Dave wrote:I just thought i would clear a few things up:

I'm not sure who wrote this but I think it is poorly written and doesn't really represent things well at all.

The main reason we develop games is for fun. Battle for Wesnoth has been developed for enjoyment of the developers and people who share our tastes. (When I say 'the developers' I really mean anyone who has contributed at all).

Frogatto was developed for fun. It's true the style of development of Frogatto is different to Wesnoth but this simply evolved over time based on the people who chose to be involved in that project and their preferences. It's not part of some "master plan" or explicit choice of some different development style.

---

We did file for a Battle for Wesnoth trademark recently, and it has been granted. The reason for this is fairly simple: we have had a number of occasions where people have used Battle for Wesnoth's assets in dubious ways. One fellow, for instance, tried to put Wesnoth on Steam on his own accord, apparently trying to sell it for his own profit. We managed to get that taken down, but after consulting a lawyer we were advised it would be much easier to stop people misusing Wesnoth's assets if we owned the trademark on it.
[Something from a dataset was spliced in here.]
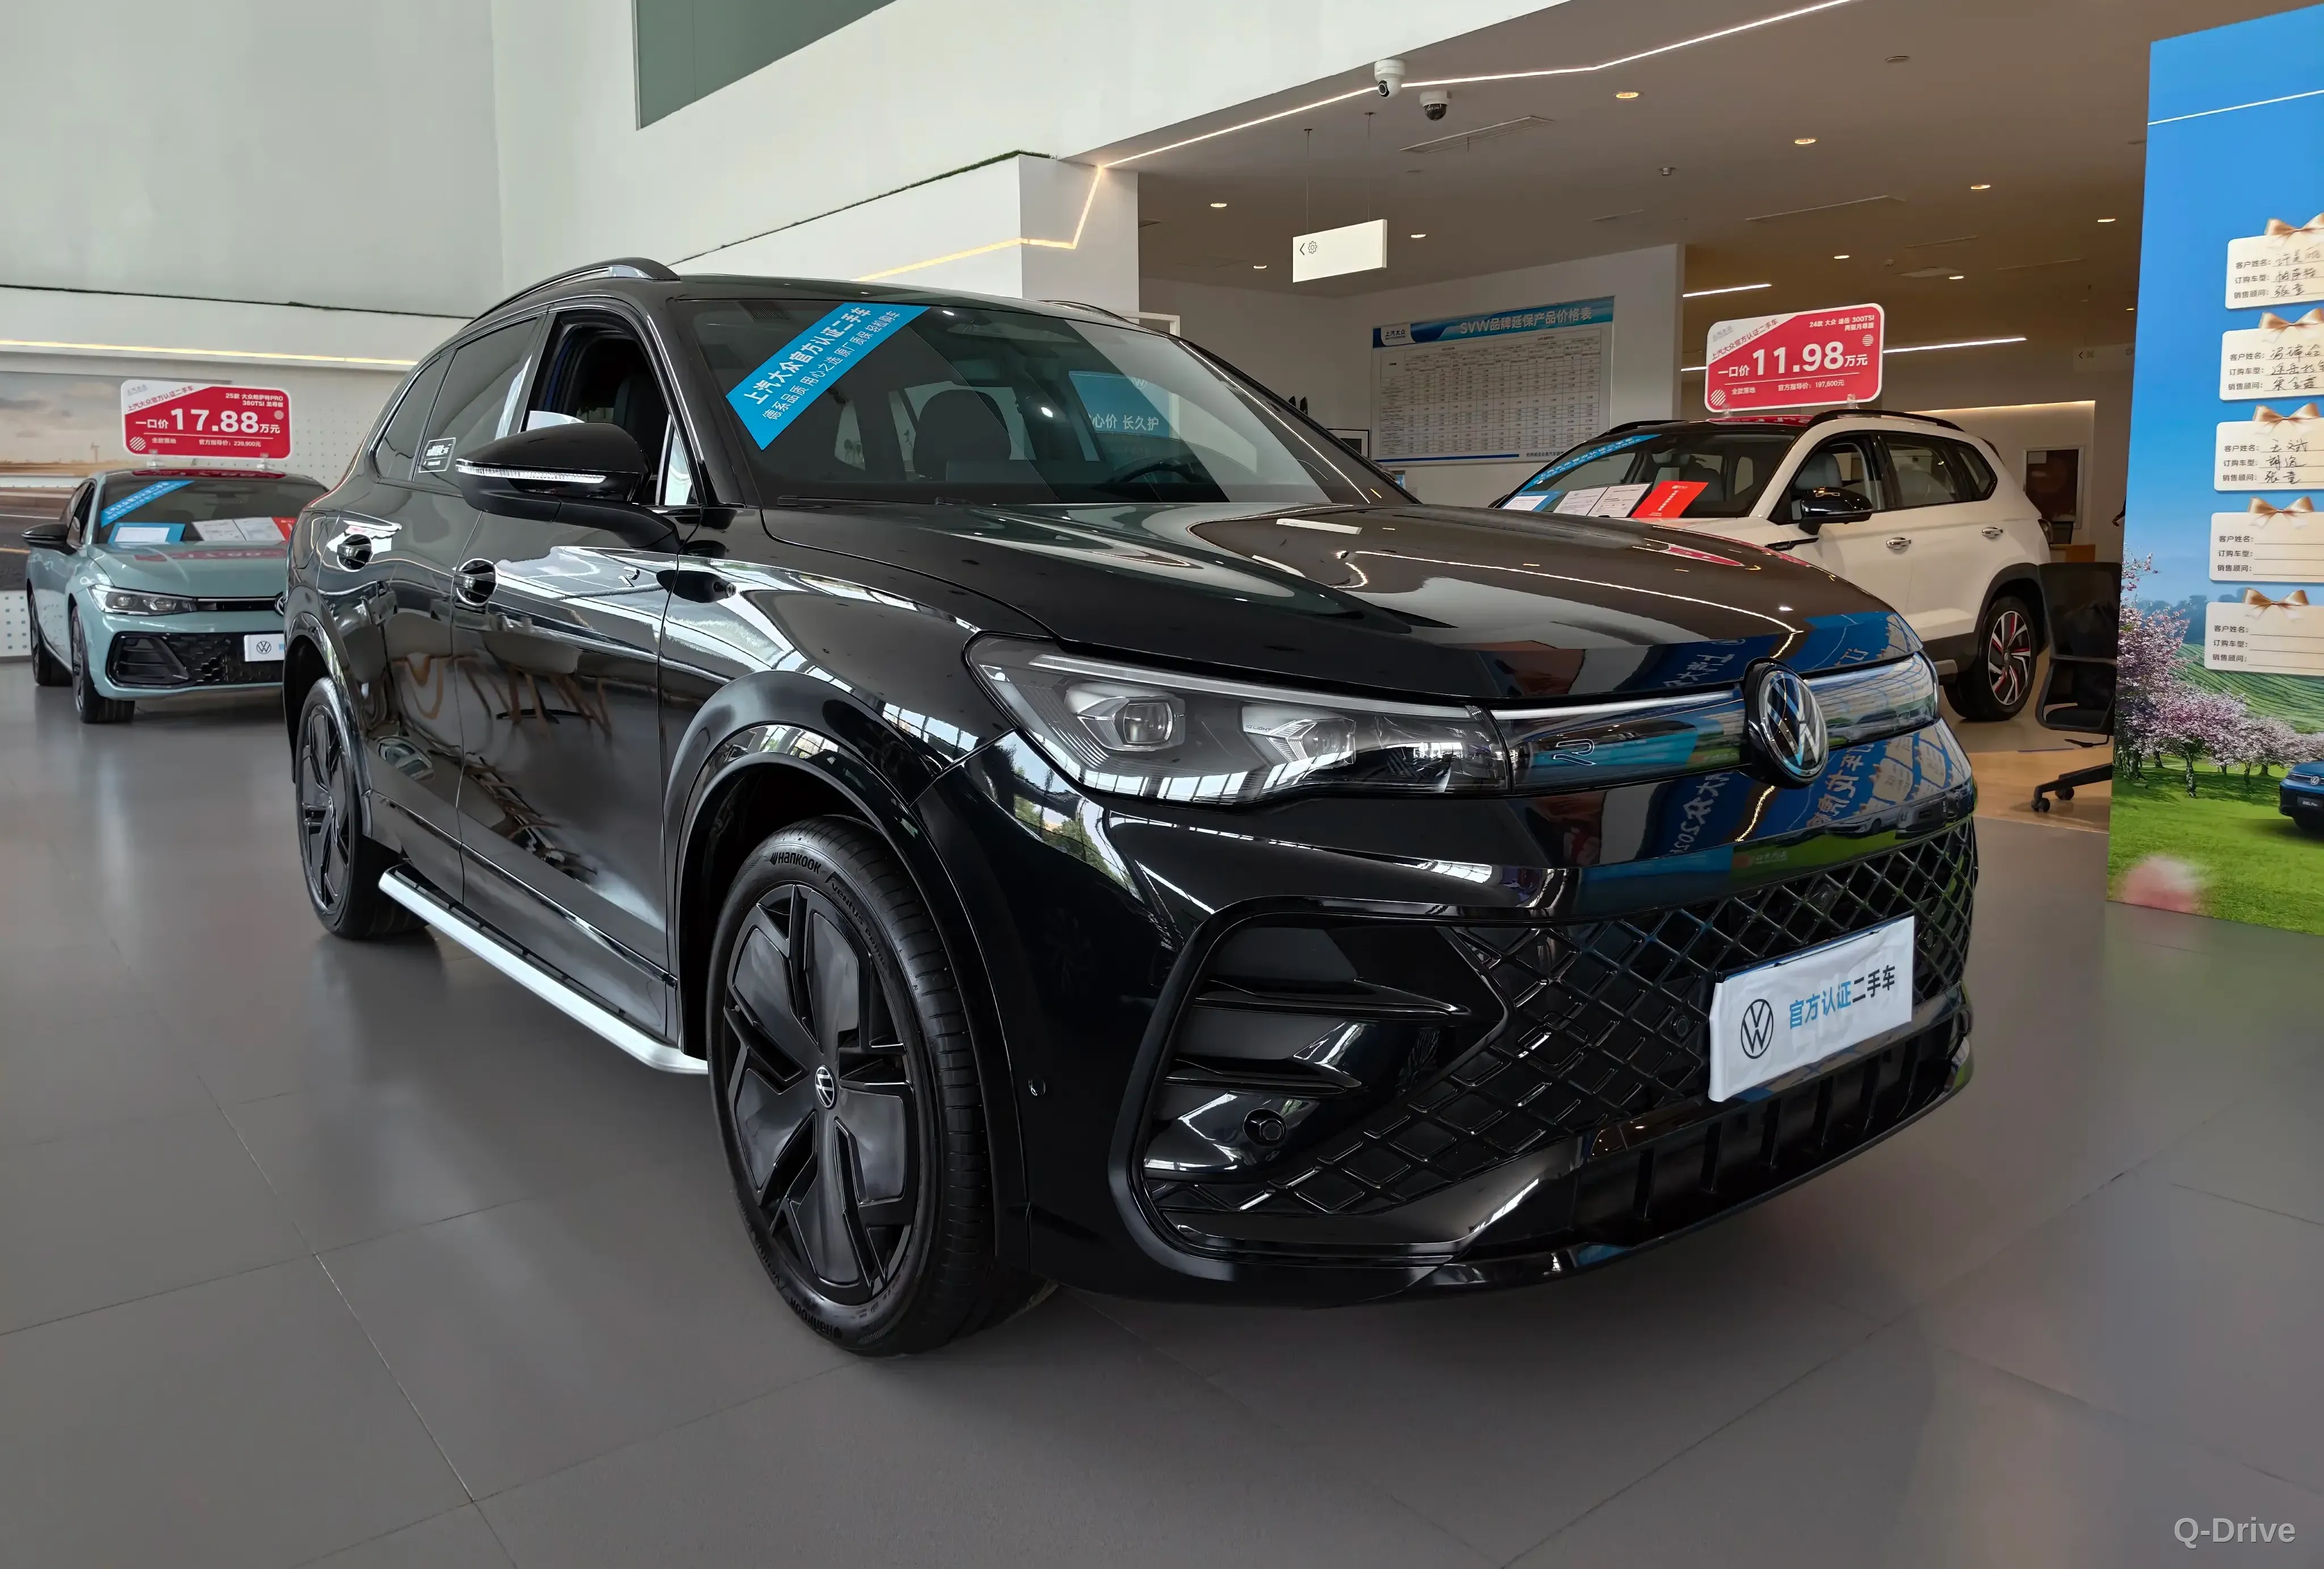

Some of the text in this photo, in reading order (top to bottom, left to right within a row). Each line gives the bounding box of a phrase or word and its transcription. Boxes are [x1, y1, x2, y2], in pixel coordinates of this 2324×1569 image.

As an example, without the trademark, some developer could make a cheap clone of Wesnoth -- using their own code, but they might be able to reuse our art and music and other assets -- put it up on the app store, or steam or whatnot, sell it, not give away their source code, call it "Battle for Wesnoth" and there would be nothing we could do about it. The trademark means that people can't do something like that.

I am happy to answer any questions about the trademark. We are certainly not going to use the trademark to prevent any fair uses of Wesnoth.
Jetrel wrote: It's not history - it's completely bogus. Some guy with an apparent axe to grind wrote that all in one edit. :|
https://en.wikipedia.org/w/index.php?ti ... =629081226


So, the actual history is that I wanted to do a small, focused project (we're talking about frogatto, here) for two reasons:

Creative control - to be able to work on something without having to constantly argue with people over why you're writing the story a certain way, or adjusting the stats a certain way, etc - I'm sick to death of fighting with people when I'm doing completely gratis work. It's why my small trickle of contributions to wesnoth, over the past few years, have basically just been silent - doing something I know is good, committing it, and not having to fight with people every inch of the way. It's absolutely insane to put up with when I'm doing professional-level work for free.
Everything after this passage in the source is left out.